Location: 2/402 Chapel Street, South Yarra
Date: Thursday, 01 March, 2007, 7.30pm
Coffee: $3.30(!!!!), very good (Dimattina coffee)
Book: Notes Toward the Definition of Culture (T.S. Eliot)
I was at university all day today. When I finally called it a day I decided I would get off the train at Malvern to see what was there. I didn't see much that looked interesting from the train, though, so I wnet another stop and got off at Armadale instead. I walked to High Street, which was lengths of ritzyness - galleries, umparket houseware and fashion, lots of shops selling wedding dresses. But, alas, no open cafes. I walked to Malvern Road, down a wide street playing host to some rather excessively large houses, some quite old. Malvern Road is simply a big thoroughfare, so I caught the tram through Prahran and got off at the intersection of Chapel Street.
Cafe Sienna is a large, light wood floored cafe, open on two sides and spilling out onto the enclosed sidestreet sidewalk. The tables and chairs, also yellowy wood, are arranged loosely diagonally throughout the space.
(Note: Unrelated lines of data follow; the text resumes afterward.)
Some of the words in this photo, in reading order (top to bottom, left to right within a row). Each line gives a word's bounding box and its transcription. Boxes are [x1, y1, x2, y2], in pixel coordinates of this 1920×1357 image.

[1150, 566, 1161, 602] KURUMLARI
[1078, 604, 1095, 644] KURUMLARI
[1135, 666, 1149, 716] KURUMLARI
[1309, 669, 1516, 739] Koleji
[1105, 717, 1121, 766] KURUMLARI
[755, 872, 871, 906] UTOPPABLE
There is a deep greeny-blue section of wall made from mosaic-sized tiles at the entrance, hanging, long, red glass lamps over the cafe counter perpindicular to the entrance and counter separating off the pizza oven at the back; wood-slatted wall baskets of bread loaves following and wall boxes of wine and spirits behind the cafe counter. There are several wandering waitstaff in, naturally, all black.
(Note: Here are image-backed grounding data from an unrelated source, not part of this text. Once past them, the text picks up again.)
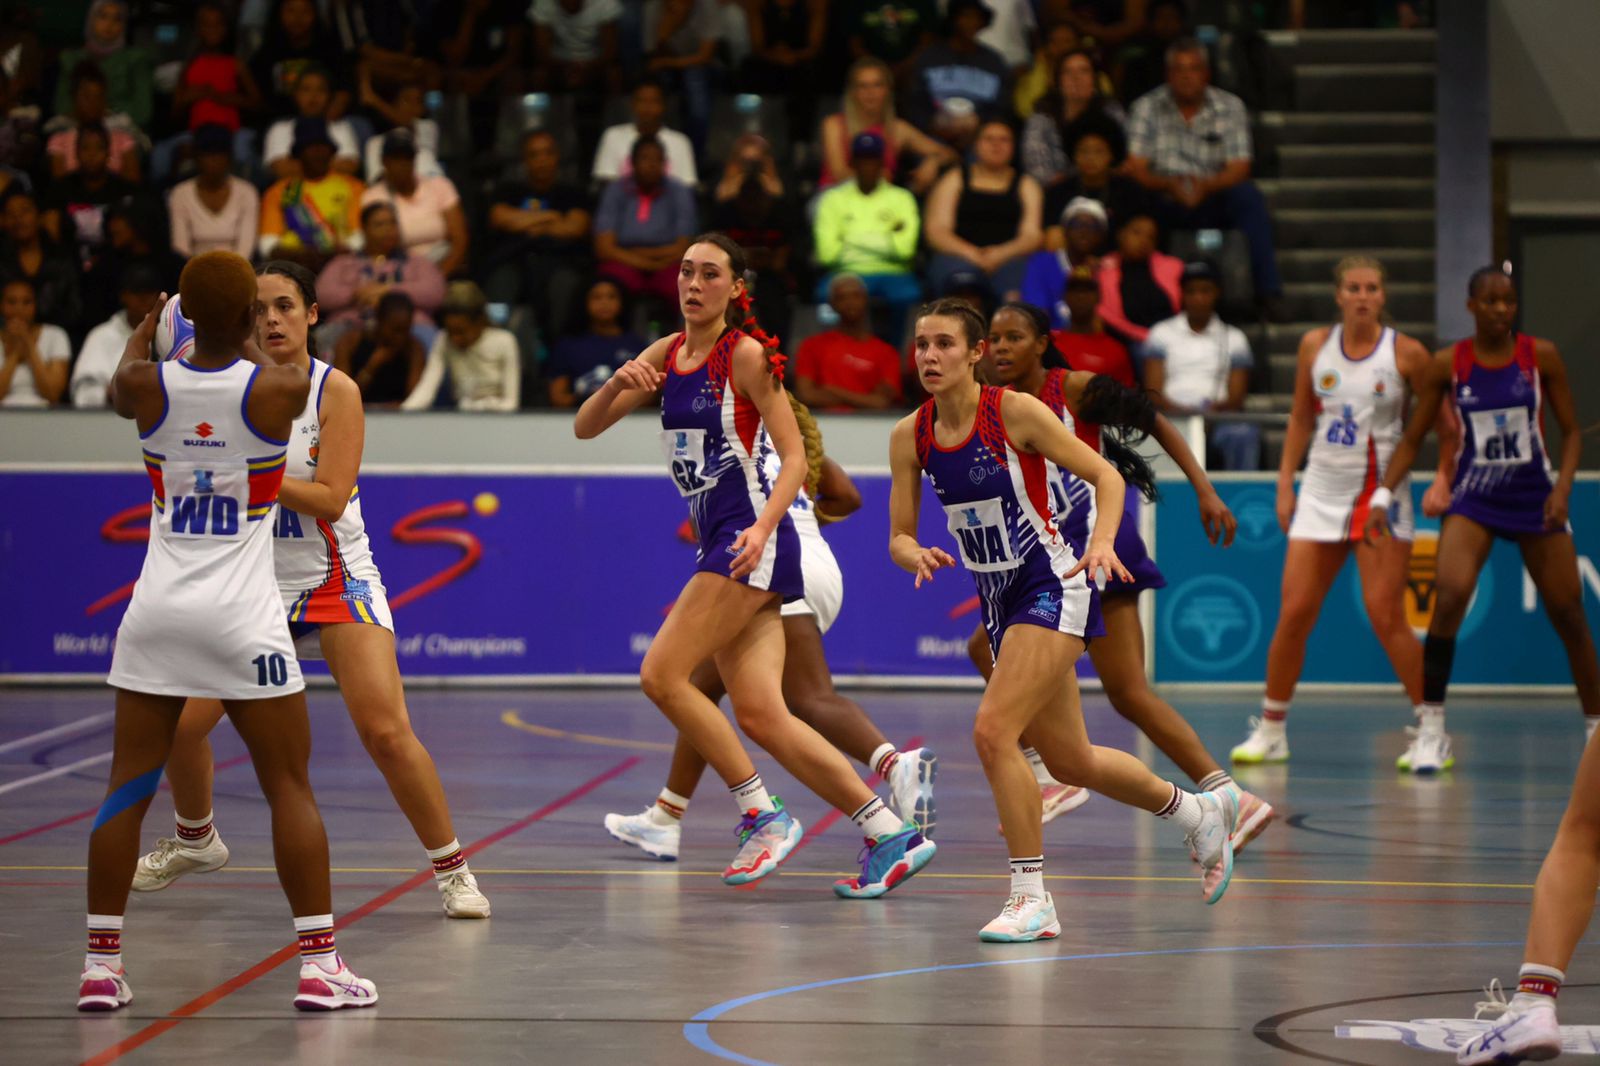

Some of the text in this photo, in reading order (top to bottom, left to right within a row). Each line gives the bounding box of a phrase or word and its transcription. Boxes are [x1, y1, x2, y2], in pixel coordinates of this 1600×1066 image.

[183, 439, 226, 448] SUZUKI
[1327, 419, 1357, 446] GS
[1485, 432, 1521, 460] GK
[171, 495, 239, 535] WD
[956, 524, 1009, 564] WA
[425, 633, 527, 659] Champions
[252, 652, 288, 686] 10
Today was the first day of my Semiotics and Poststructuralism class. It is a fourth/fifth year undergraduate course, which is why, I suppose, there is an exam. I hadn't realised. I am the only Master's student. The other five are getting started on their Honours thesis. It is a much more gender-balanced class than my other. Probably there are more girls than boys. It was a slightly daunting first class. I came out feeling like I had made myself seem a bit dim. The undergrads, though much younger than me, have read a lot more theory. The seminar ran more like a lecture than a discussion, with the tutor explaining summarising concepts rather than encouraging discussion. I tried asking questions about C.S. Peirce's theory but was met with surprise that I hadn't hear od him before since he is American. I was told his theory is too complicated to explain and I should go read it. What happened is that I had done the wrong reading for the class. There is actually a course book - a compendium of photocopied chapters - which I hadn't realised. I guess the readings online are supplementary. The Peirce readings in the course book were much less difficult than the Freadman chapters I had read.
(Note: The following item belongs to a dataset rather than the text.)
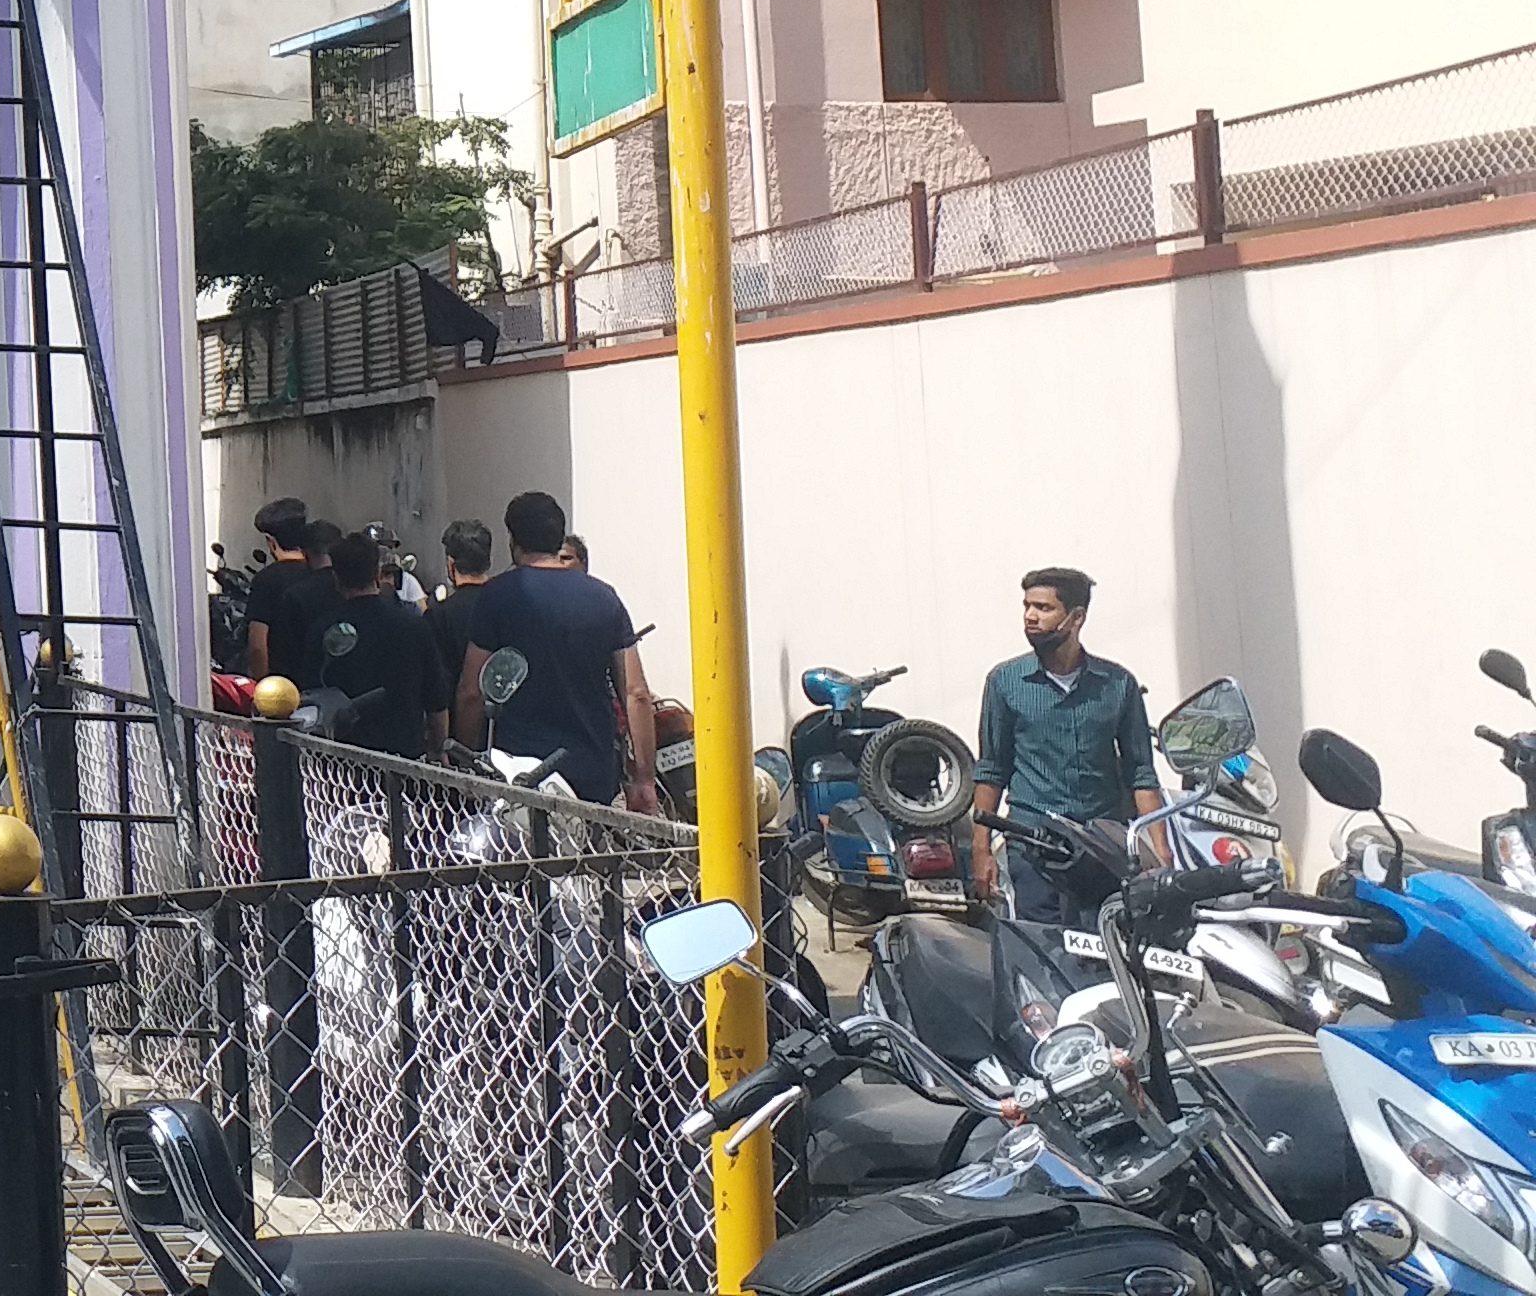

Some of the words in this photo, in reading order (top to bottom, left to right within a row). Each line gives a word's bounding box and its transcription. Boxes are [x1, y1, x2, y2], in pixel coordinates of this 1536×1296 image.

[1069, 935, 1093, 952] KA
[1447, 1040, 1485, 1057] KA
[1499, 1040, 1522, 1058] 03
I spent my time in the library reading Peirce and I think I am getting my head around it. Some of his writings are fairly easy to understand, while others, the ones about how signs work, are much more idfficult. But I was getting somewhere today - I may put a little essay online about what I understand if anyone is interested - I'm writing the thing for my own benefit. I'll give you a link if I do.
Yesterday's critical theory class was great - just like I remember! It was a true seminar style with lots of discussion, me dominating. Luckily there was another talker, another Master's student who had a couple quite intelligent sounding things to say (though I couldn't tell if they were his own words/ideas or poached). I don't usually have intelligent sounding things to say - only to write. And I don't think I write so that they sound as intelligent as they are: other people, male usually, have much more elegant, formal, metaphorical words for the same idea. My words, possibly, are more accurate in their less floweriness. Theirs are more memorable and aha-like.
In any case, it was a good class discussion in response to Harold Bloom. A couple of other students piped up occasionally as well.